Perhaps you think cutting corners pertains to others, but not to you. You’ll get around to security tomorrow rather than today, just like you did yesterday. There’s no way to get around it: Savvy companies have to address security today and resist the temptation to put it off until tomorrow. Today is the day to formulate your security hygiene.
Security hygiene refers to the rules of thumb, not laws or regulations or formalized best practices. It is “hygiene” because it is a consistent undertaking rather than a grab-bag of commercial solutions. Security matters on the shop floor as much as it does with documents and spreadsheets, perhaps more with output predicated by input data, because shop files position molten voxels and spin bits at 10,000 rpm. It is critical to survival suddenly when novice noodling with consumer printers, for example, develops into commercial production.
Safety, once ad hoc, becomes fundamental to security. You minimize equipment breakage. You control material theft, tooling jigs, cutters and waste. You reduce fumes, burns, material toxicology, cutting chips or scaffold failures. Such safety is part of security but not the data security for data-centric production, which while physical, is also intangible. It’s applicable whether additive, subtractive, hybrid or a more traditional manufacturing method. When files lost are irreplaceable or leaking from partners to competitors, security is no longer a corner to cut with fiduciary concerns deferred from yesterday until tomorrow.
What once was a test bed is now integral to design, marketing, production and sales. The security hygiene proscribes continuity and resiliency. It is more involved than adding passwords, making backups and limiting access, although it requires such essential first steps. Backups go offsite, not necessarily to a cloud accessible to everyone, but serialized so that defects can be traced under Securities and Exchange Commission law or as a step for Food and Drug Administration 510(k) certification. If parts go into vehicles, backups sustain an insurance industry testing chain of custody. There is also a morality to protect people despite unwritten laws; consider data and process protection when others depend on digital production.
Security becomes a broad category involving more than computer technology. Consider financial and legal oversight by the corporate board that may include:
• embedding contracts as a component into data templates with misuse warnings;
• filing copyrights and draft usage rights agreements;
• defining intellectual property and trade secrets;
• documenting the scales and offsets for zeroing equipment for a before-and-after state;
• incorporating knowledge from shop floor lore, like g-code conversion workarounds, into supporting documents;
• including device and connectivity configurations, mesh densities, scaffolds and anchors for quality assurance repeatability; and
• organize your data for backups, reuse and as a library.

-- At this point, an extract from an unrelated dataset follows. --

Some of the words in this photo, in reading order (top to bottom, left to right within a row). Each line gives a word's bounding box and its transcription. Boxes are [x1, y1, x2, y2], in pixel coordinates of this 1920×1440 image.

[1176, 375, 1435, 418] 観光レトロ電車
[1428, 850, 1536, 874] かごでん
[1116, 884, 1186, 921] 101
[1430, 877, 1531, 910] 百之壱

Recognize that a transition from novice to mastering production requires security steps be mastered, too.
Suddenly, security for digital production reflects all of the following: continuity, trust, quality, compliance and brand.

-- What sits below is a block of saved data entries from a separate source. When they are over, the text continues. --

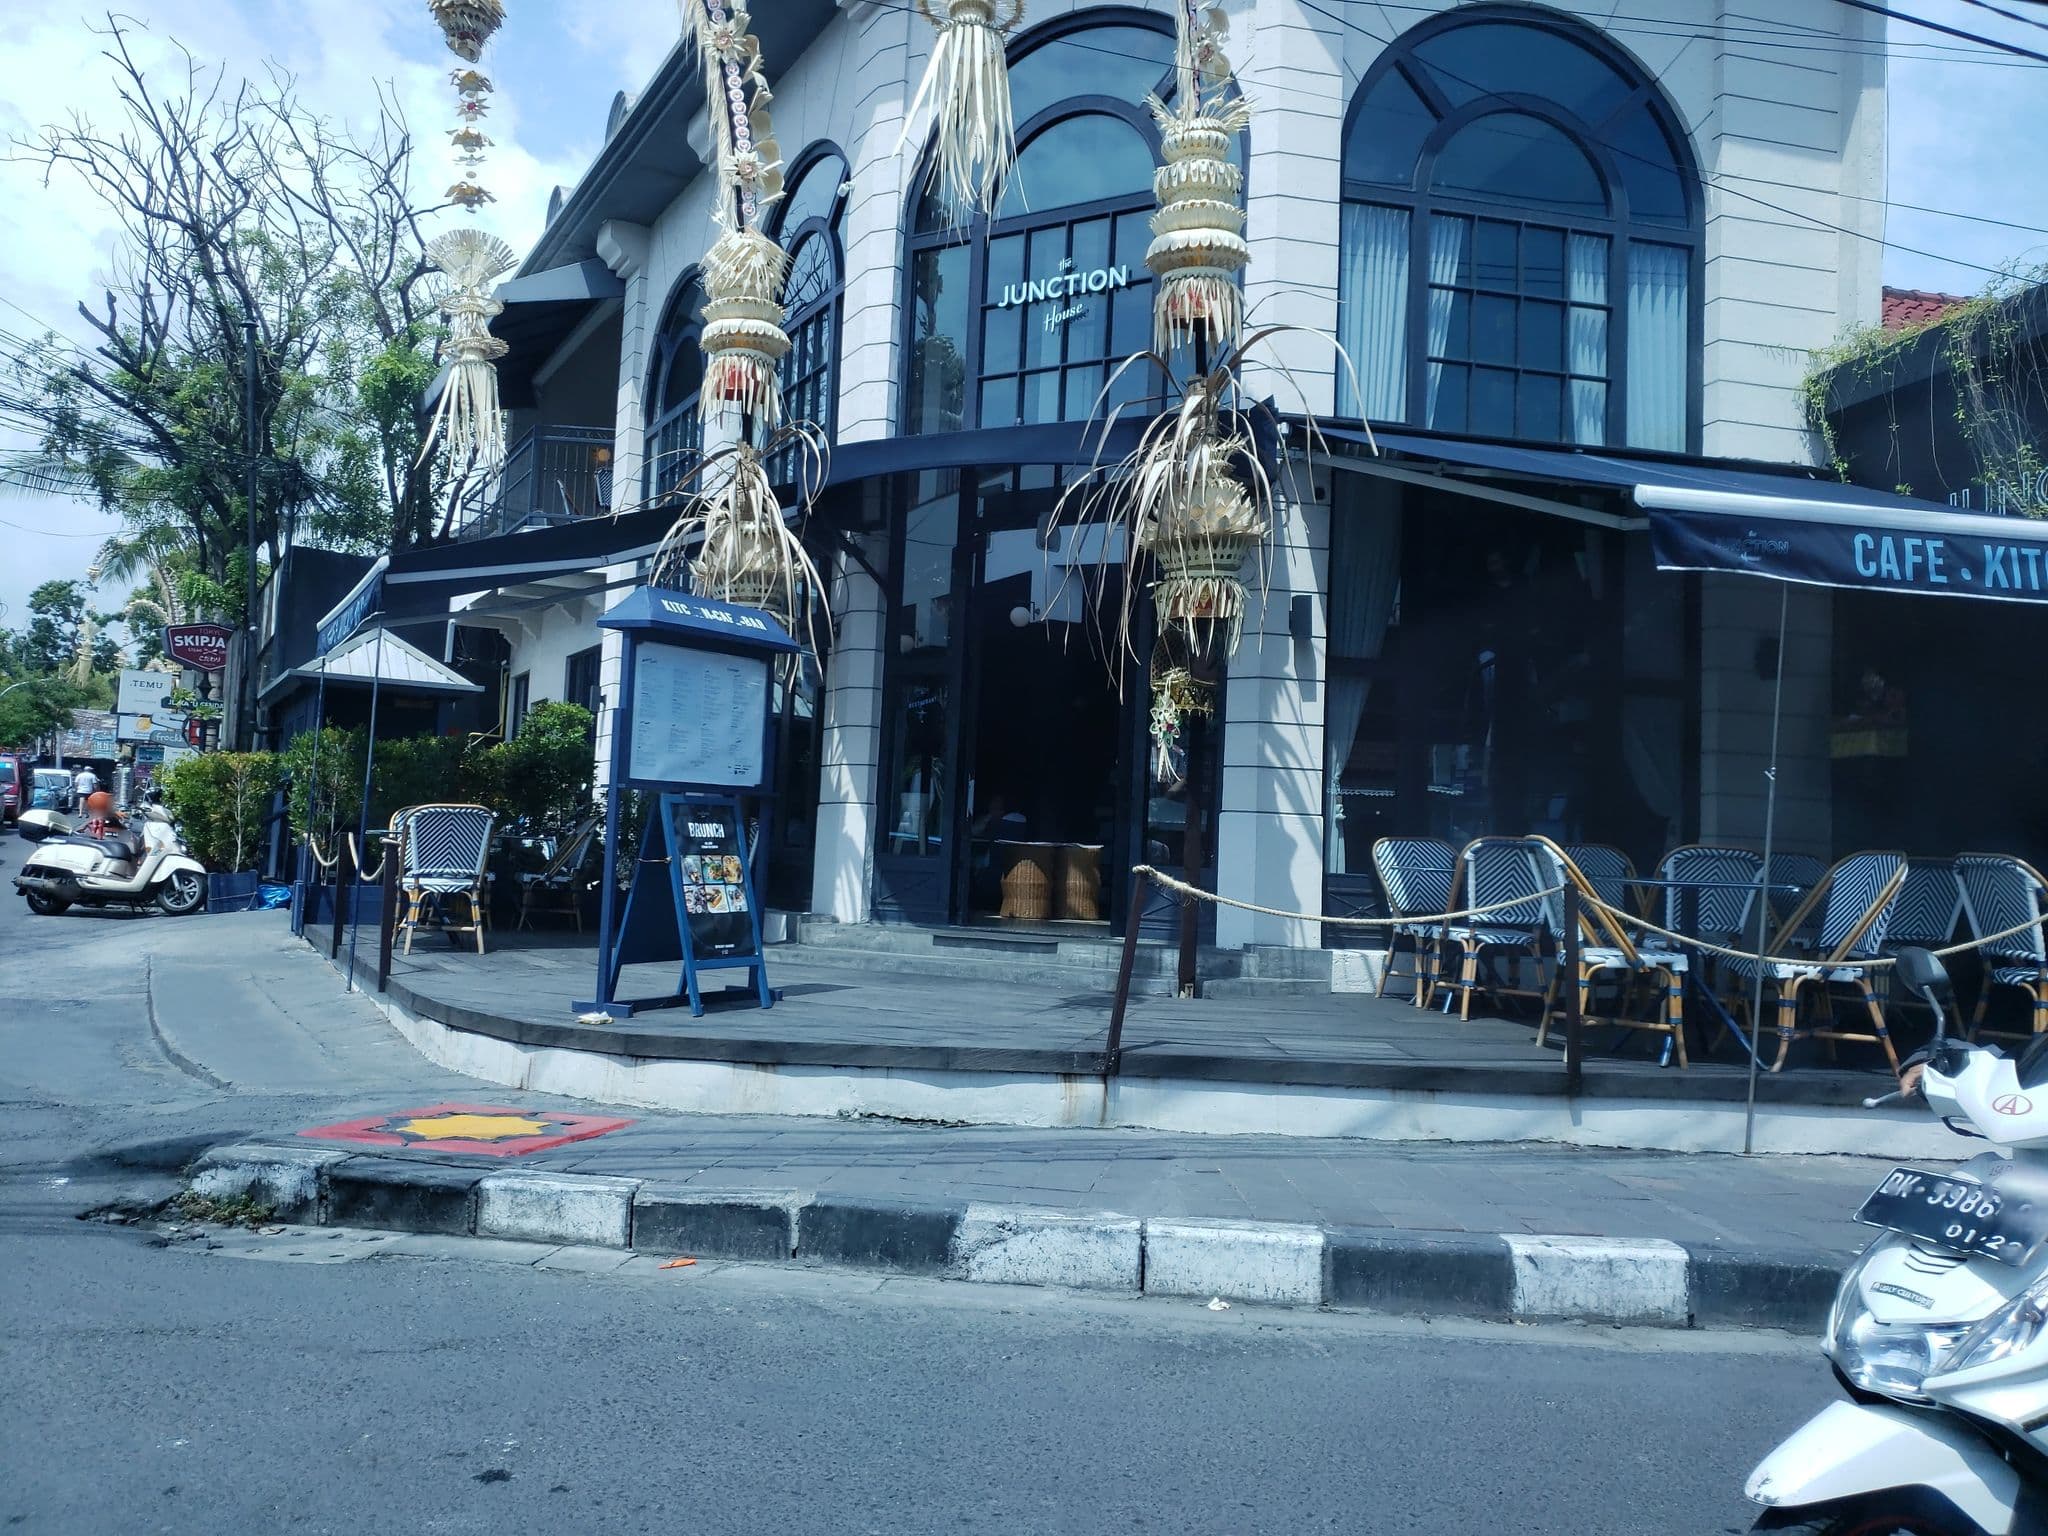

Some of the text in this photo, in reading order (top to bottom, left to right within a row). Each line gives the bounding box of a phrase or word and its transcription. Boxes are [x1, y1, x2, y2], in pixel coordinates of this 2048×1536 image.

[1058, 257, 1073, 272] the
[997, 264, 1127, 308] JUNCTION
[1043, 303, 1083, 333] House
[1853, 533, 2048, 591] CAFE KIT
[661, 598, 712, 620] KITCN
[132, 680, 164, 690] TEMU
[687, 822, 725, 839] BRUNCH

Security for Digital Production
Poisoning through product tampering is historical; think Tylenol. It can also happen during the integrated cycle as early as the planning stages in digital production. It includes not only an intentional harm but also functional performance errors. Changes to technical specifications within CAD/CAE/CAM seed inherent defects into file templates. Defects found by testing or finite state analysis affect reputation, durability, performance and safety. Such audits are data, so modifications after the fact can undermine data templates, and thus production compliance. Security hygiene is suddenly about validating data used for digital work starting from design storyboards through quality control to technical support. Lack of security jeopardizes hard-won trust when it affects the well-being of the customer base.

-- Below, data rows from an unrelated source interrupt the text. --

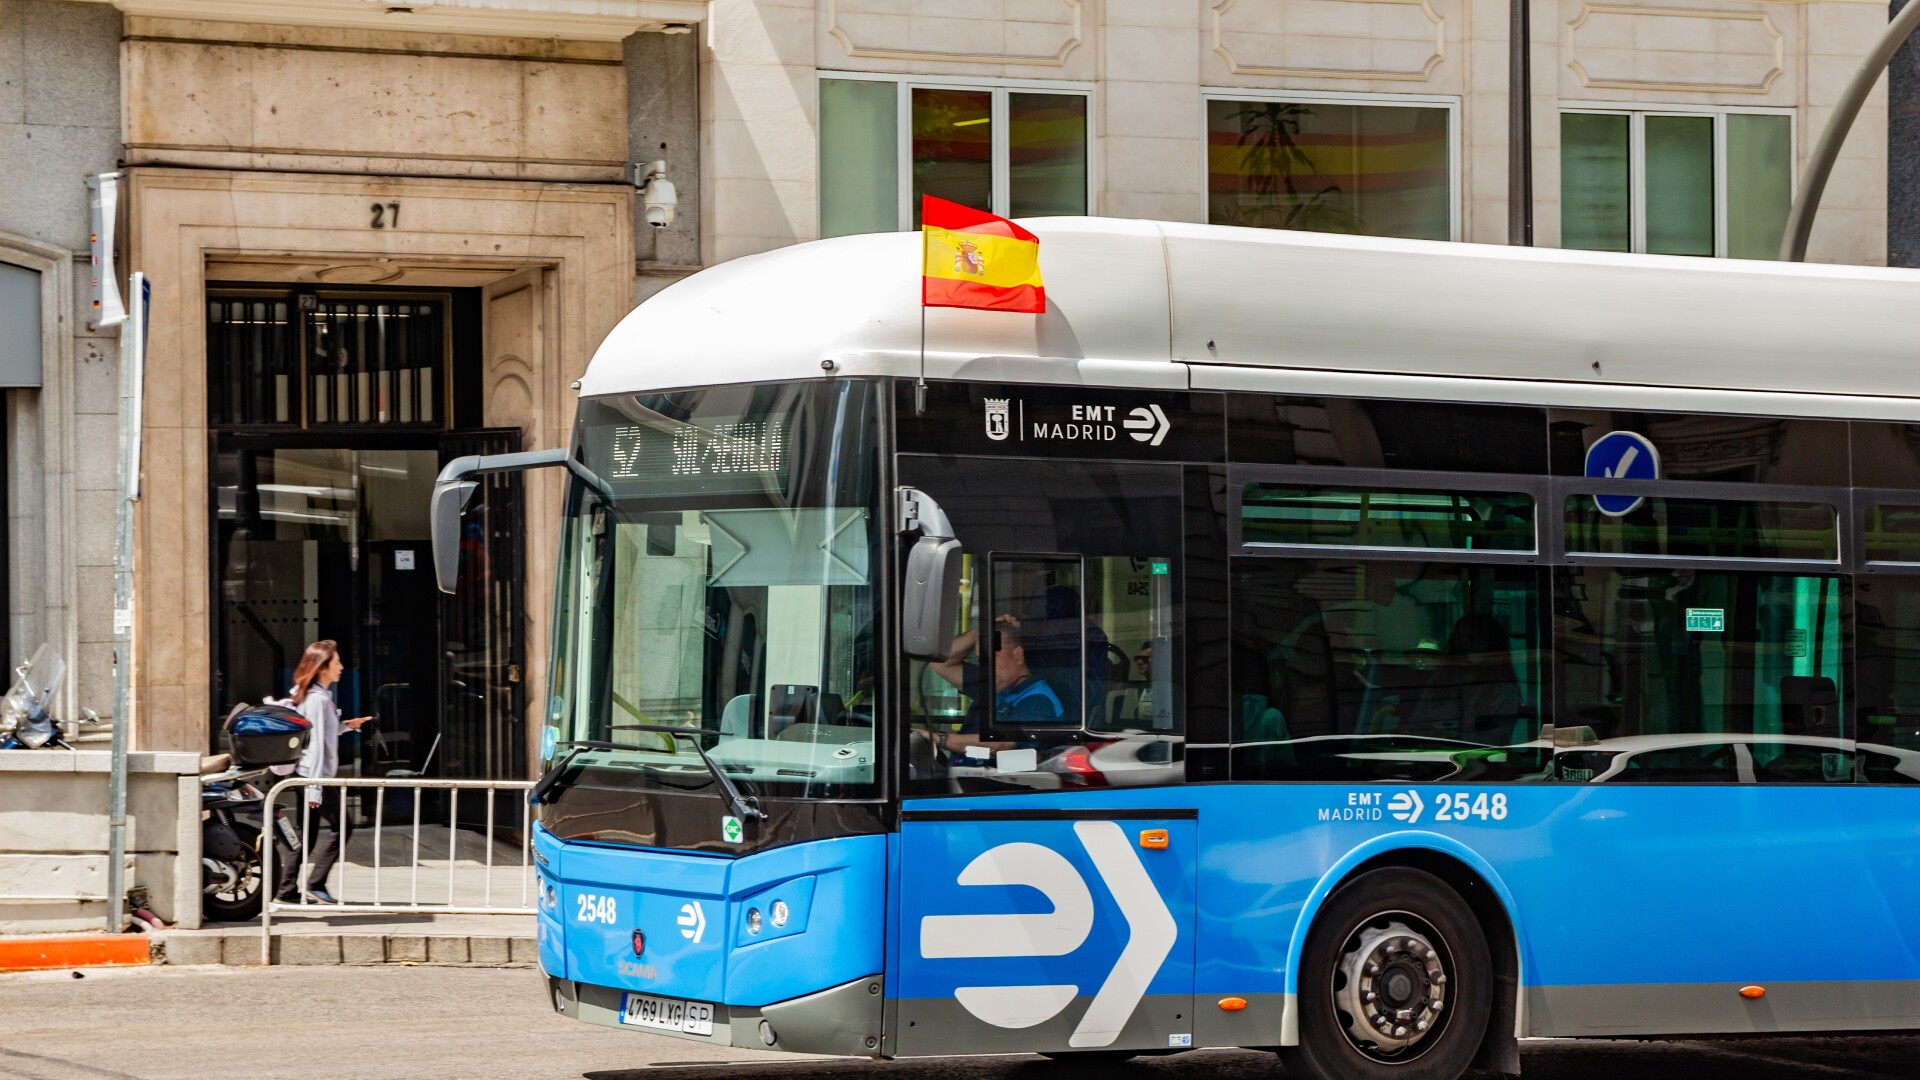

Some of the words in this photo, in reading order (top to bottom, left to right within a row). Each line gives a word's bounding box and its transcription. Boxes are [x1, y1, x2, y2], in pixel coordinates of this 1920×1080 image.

[370, 202, 400, 229] 27
[1072, 404, 1116, 422] EMT
[1033, 422, 1116, 441] MADRID
[612, 426, 641, 477] 52
[1348, 792, 1382, 805] EMT
[1435, 793, 1507, 820] 2548
[1318, 808, 1382, 820] MADRID
[577, 893, 616, 924] 2548
[628, 998, 656, 1022] 4769
[659, 1002, 682, 1026] LXG
[689, 1006, 709, 1030] SP

No one size in security fits all. Commercial products are a start to prevent malware and deter hackers. However, security for digital production means more. It includes infrastructure continuity, networking protections against an always-on internet and safe communications with affiliates. No perimeter is safe, so security hygiene becomes what you add to protect lifecycle data, a process best monitored every day—and not just today based on yesterday’s guilt. You need security hygiene to breed that trust for quality and compliance that ultimately sells your brand tomorrow.